Faut dire qu’ils ont d’autres chats à fouetter. Peu habitués à la touffeur méditerranéenne, ils suent sang et eau, comme des fontaines. Certains gémissent même en flamand : « Amaï, amaï, amaï zeg ! T’is veel te warm, godverdomme !  » (Ohlala, ohlala, ohlala, dis ! ‘Fait beaucoup trop chaud, nom de tcheu ! ). Le maquillage noir, doré et rouge dégueule sur les joues fiévreuses. On a une pensée émue pour les Diablesses d’Ives Serneels qui semblent déboussolées par toute cette chaleur moite. Come OOOOOOOON, BELGIUM !

A la 15e minute, la Belgique y va. Décidée. Motivée. Sauf qu’elle se trompe de goal. C’est con, l’étourderie. Ou est-ce de la politesse ? On ne sait pas. Mais, Heleen Jacques marque contre son camp. Les Bleues exultent. Font une rapide prière à Saint-Loulou. Les supporters belges, par petites grappes flamandes de ci, petites grappes francophones de là, se prennent la tête sous le seul drapeau national piteusement épinglé contre un banc, comme un grand papillon crevé.

Pendant un bon moment, toutes les joueuses, les deux équipes confondues, ont l’air perdues. Elles restent quasi immobiles sur la pelouse, comme des figurines dans un album Panini. La gardienne Sarah Bouhaddi s’emmerde un peu. On le voit bien. Elle n’a qu’un arrêt à faire, à la demi-heure de jeu, face à l’étoile belge, Tessa Wullaert. C’est peu.

Seulement 10 000 spectateurs, dans un stade prévu pour en accueillir 32 900.
Seulement 10 000 spectateurs, dans un stade prévu pour en accueillir 32 900.© R.M.

En 2e période, les Françaises semblent remontées.
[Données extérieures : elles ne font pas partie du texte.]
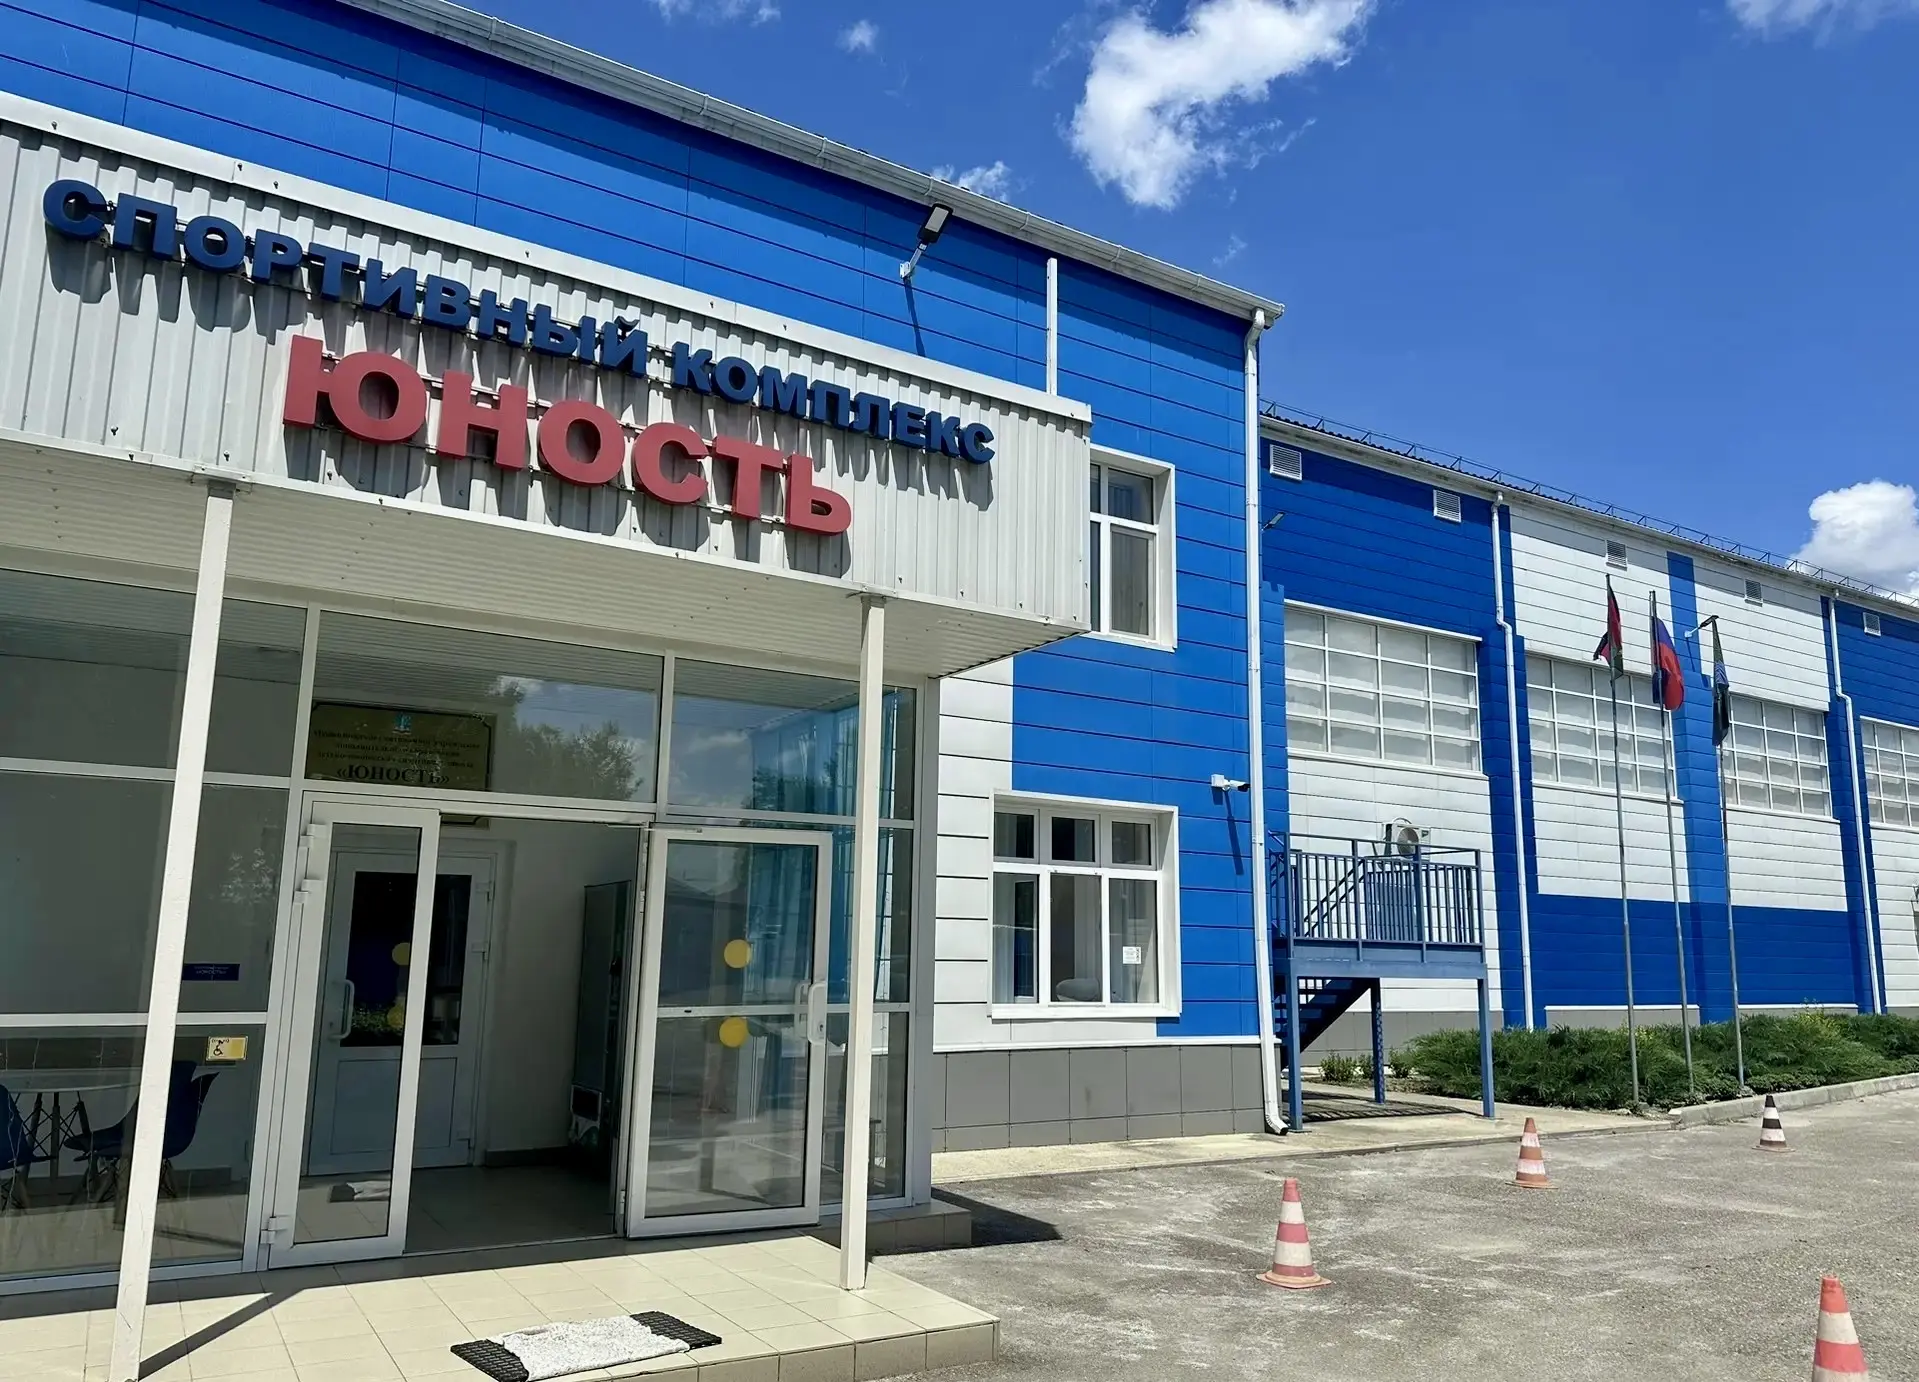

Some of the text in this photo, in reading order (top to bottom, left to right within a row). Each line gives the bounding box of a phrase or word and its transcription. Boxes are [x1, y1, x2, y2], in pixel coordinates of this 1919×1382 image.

Mais elles frappent trop haut, trop à gauche, trop à gauche encore. C’est la cata. Pitoyable. Par un inouï miracle, pendant le temps additionnel, les Bleues trouvent quand même le chemin du but. Elles doublent la mise, en toute fin de match, sur un but opportuniste de Catala. Mais personne n’est dupe. Dévotement, dans le camp français, tout en faisant la ola, on murmure fébrilement : « Loulou, merci pour tout ! » .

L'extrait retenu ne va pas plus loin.